Название: Peculiar Ground
Автор: Lucy Hughes-Hallett
Издательство: HarperCollins
Жанр: Историческая литература
isbn: 9780008126537
isbn:
There was a scraping and a clatter indoors. Flossie came out. She didn’t say anything, just sat herself down in the corner between the great magnolia and Lil, who had to shuffle along the stone bench to make room for her. She looked like a cat mutely complaining about a rainstorm. Murmuring from indoors: Underhill saying, ‘I’ll clear it up, sir.’ Helen made no move. It was pretty clear to everyone what had happened – what sort of thing anyway. Nicholas and Lil kept up their tennis game, giving the girl time to collect herself. Why? wondered Nicholas. Surely it was Helen who needed their solicitude. Ignobly, he was pleased.
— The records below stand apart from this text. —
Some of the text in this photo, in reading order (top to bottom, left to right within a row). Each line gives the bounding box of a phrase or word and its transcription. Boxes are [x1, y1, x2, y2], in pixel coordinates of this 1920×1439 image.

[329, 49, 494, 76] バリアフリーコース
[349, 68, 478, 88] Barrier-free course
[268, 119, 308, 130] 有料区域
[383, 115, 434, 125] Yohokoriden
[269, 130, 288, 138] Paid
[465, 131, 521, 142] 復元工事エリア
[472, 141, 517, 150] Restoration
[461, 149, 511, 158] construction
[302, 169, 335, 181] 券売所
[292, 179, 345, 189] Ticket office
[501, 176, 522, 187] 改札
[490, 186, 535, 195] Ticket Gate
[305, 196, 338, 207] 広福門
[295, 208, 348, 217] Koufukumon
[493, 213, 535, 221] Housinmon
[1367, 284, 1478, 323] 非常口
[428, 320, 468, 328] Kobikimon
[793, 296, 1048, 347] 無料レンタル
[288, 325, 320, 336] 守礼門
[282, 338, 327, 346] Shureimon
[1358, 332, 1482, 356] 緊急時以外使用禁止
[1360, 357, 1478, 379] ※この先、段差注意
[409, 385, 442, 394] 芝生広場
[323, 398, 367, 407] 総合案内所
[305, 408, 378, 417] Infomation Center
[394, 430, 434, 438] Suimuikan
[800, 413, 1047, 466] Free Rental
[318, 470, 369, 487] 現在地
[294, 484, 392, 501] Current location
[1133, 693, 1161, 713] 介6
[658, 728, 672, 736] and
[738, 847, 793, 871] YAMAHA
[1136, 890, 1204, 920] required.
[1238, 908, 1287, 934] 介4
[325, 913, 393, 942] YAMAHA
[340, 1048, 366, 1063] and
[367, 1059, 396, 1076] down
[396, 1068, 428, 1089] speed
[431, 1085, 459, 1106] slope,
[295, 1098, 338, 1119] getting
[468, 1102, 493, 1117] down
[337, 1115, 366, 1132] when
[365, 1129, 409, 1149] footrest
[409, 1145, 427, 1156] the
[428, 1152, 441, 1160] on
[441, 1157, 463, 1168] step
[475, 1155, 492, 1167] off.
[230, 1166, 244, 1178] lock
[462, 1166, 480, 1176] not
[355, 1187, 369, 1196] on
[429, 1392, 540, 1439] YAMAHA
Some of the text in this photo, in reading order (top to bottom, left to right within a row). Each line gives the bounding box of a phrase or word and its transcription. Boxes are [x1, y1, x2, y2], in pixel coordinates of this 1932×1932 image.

Pretty soon they all went up. At midnight Nicholas called the copy-desk, and got handed on to Ted, who wanted a background piece for the Sunday paper on Soviet military capacity. At five in the morning he finally got to bed, while in East Berlin the Stasi prepared to demonstrate that the myth of German efficiency had a basis in fact.
Nell walked across the cattle grid by Underhill’s lodge, her feet in her sandshoes only just making enough of a bridge from one bar to another to stop her slipping through. Hedgehogs got trapped down there sometimes. She’d been frightened once to hear a rustling, and then so amazed she could still conjure up the prickle of it, to see the dished face. Wild animals, even little funny ones, were like glimpses of another world carrying on with its business in secret, not caring at all about people. Perhaps even being enemies. Hedgehogs had fleas.
She was pushing her bicycle, and once safely over she got back on it, using the brick edge of Mrs Underhill’s delphinium-bed to help herself up. Wood Manor was separated from the park by paddocks and a belt of trees. It had its own feeling, the feeling of home. The feeling inside the park wall was different; quieter somehow, a bit gloomy, old.
Swoop down the hairpin bend, faster than you’d really want to so that you could get most of the way up the slope beyond. The Land Rover passed her, hooting, the canvas roof off and Dickie in the back, waving wildly with both arms. By the time she reached the estate office her father was already walking up the beech avenue with Mr Green the head gardener, and she had to bump and rattle over the pebbly path down the centre of it, with Dickie, because he was annoying, and Wully, because he was so pleased to see her after their half-hour separation, barging into her and making her wobble.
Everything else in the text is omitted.